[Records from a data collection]
--- --- ---

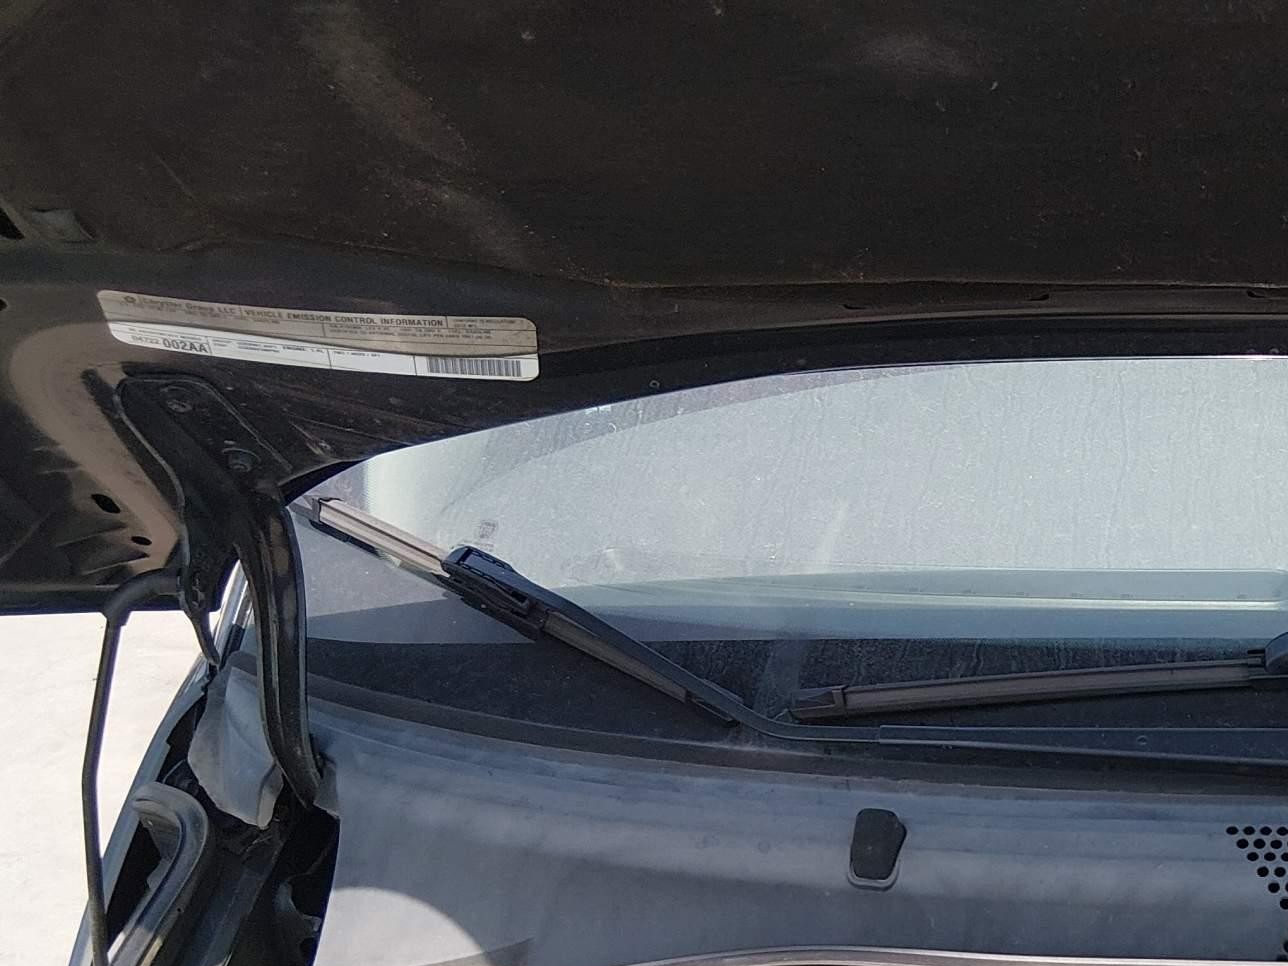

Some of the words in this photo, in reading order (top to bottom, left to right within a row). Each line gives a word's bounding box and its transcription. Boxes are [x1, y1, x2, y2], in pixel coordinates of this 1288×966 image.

[244, 309, 283, 319] VEHICLE
[287, 312, 332, 322] EMISSION
[335, 316, 377, 325] CONTROL
[380, 318, 443, 327] INFORMATION
[162, 338, 208, 354] 002AA
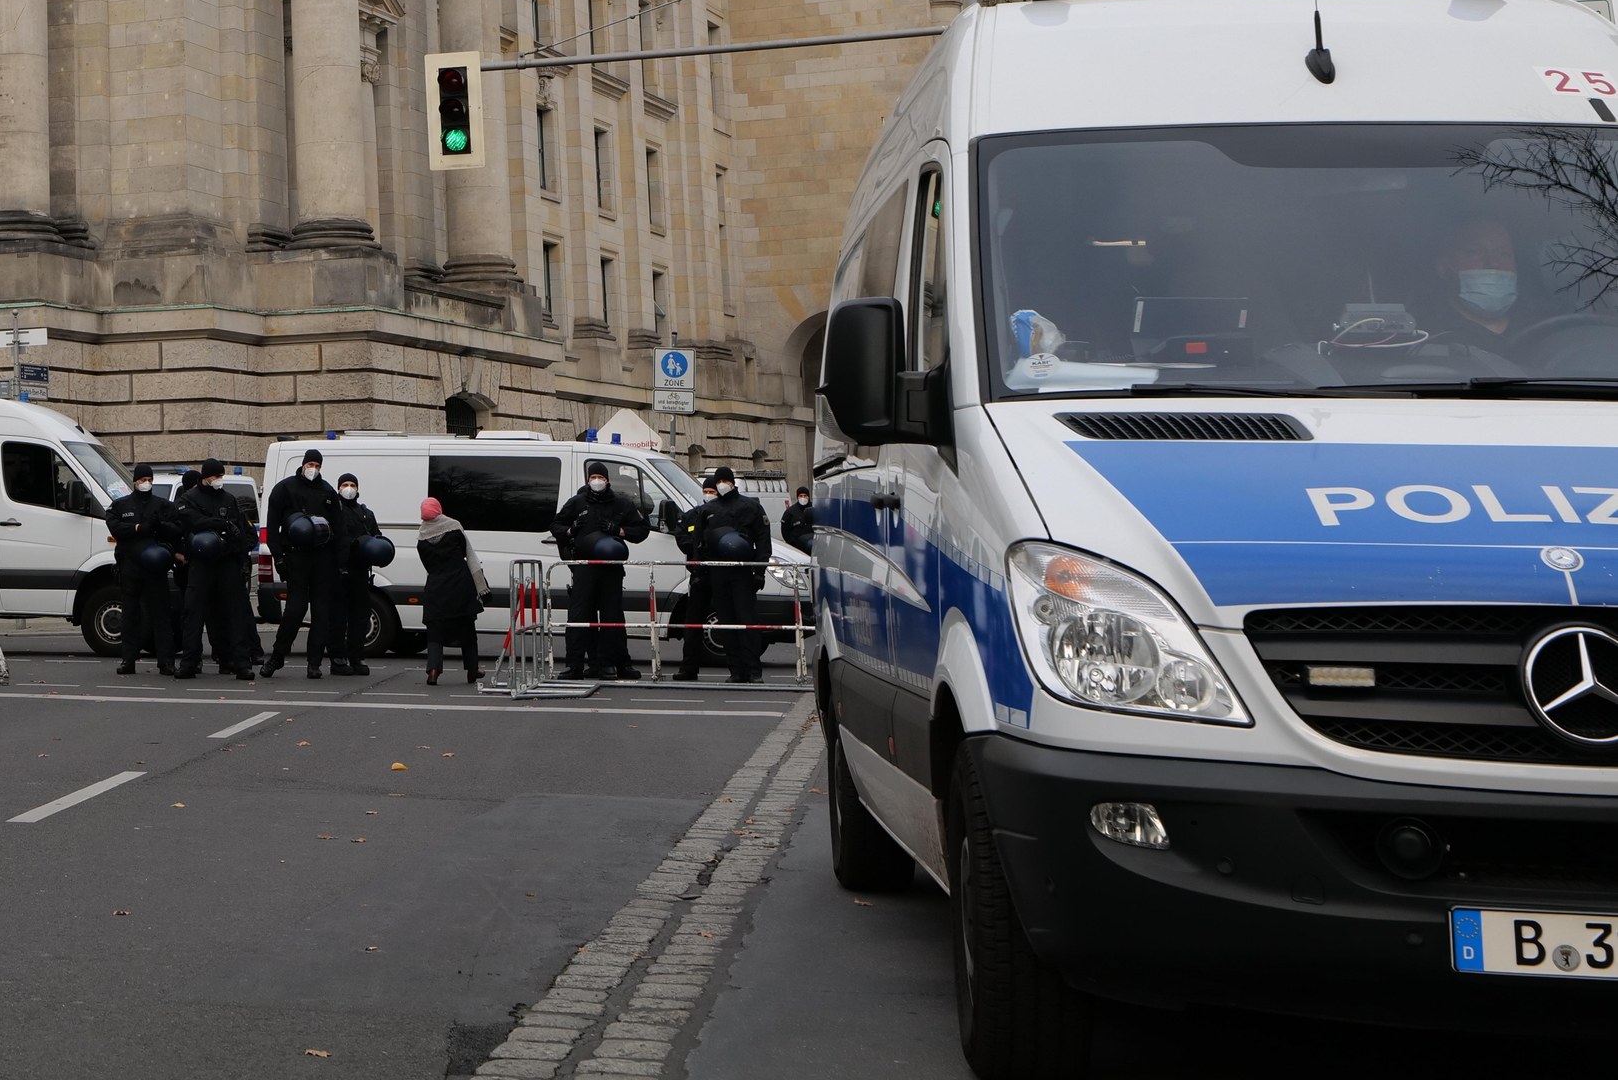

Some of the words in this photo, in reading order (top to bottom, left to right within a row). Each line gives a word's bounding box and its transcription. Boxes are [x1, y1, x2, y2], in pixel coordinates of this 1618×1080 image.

--- --- ---

Once the pictures are set aside, copy the remaining text of every entry exactly.

SOLUTION FOR THIS TASK:
Some of the words in this photo, in reading order (top to bottom, left to right within a row). Each line gives a word's bounding box and its transcription. Boxes are [x1, y1, x2, y2], in pixel coordinates of this 1288×966 image.

[244, 309, 283, 319] VEHICLE
[287, 312, 332, 322] EMISSION
[335, 316, 377, 325] CONTROL
[380, 318, 443, 327] INFORMATION
[162, 338, 208, 354] 002AA

Some of the words in this photo, in reading order (top to bottom, left to right within a row). Each line gives a word's bounding box and its transcription. Boxes are [x1, y1, x2, y2], in pixel coordinates of this 1618×1080 image.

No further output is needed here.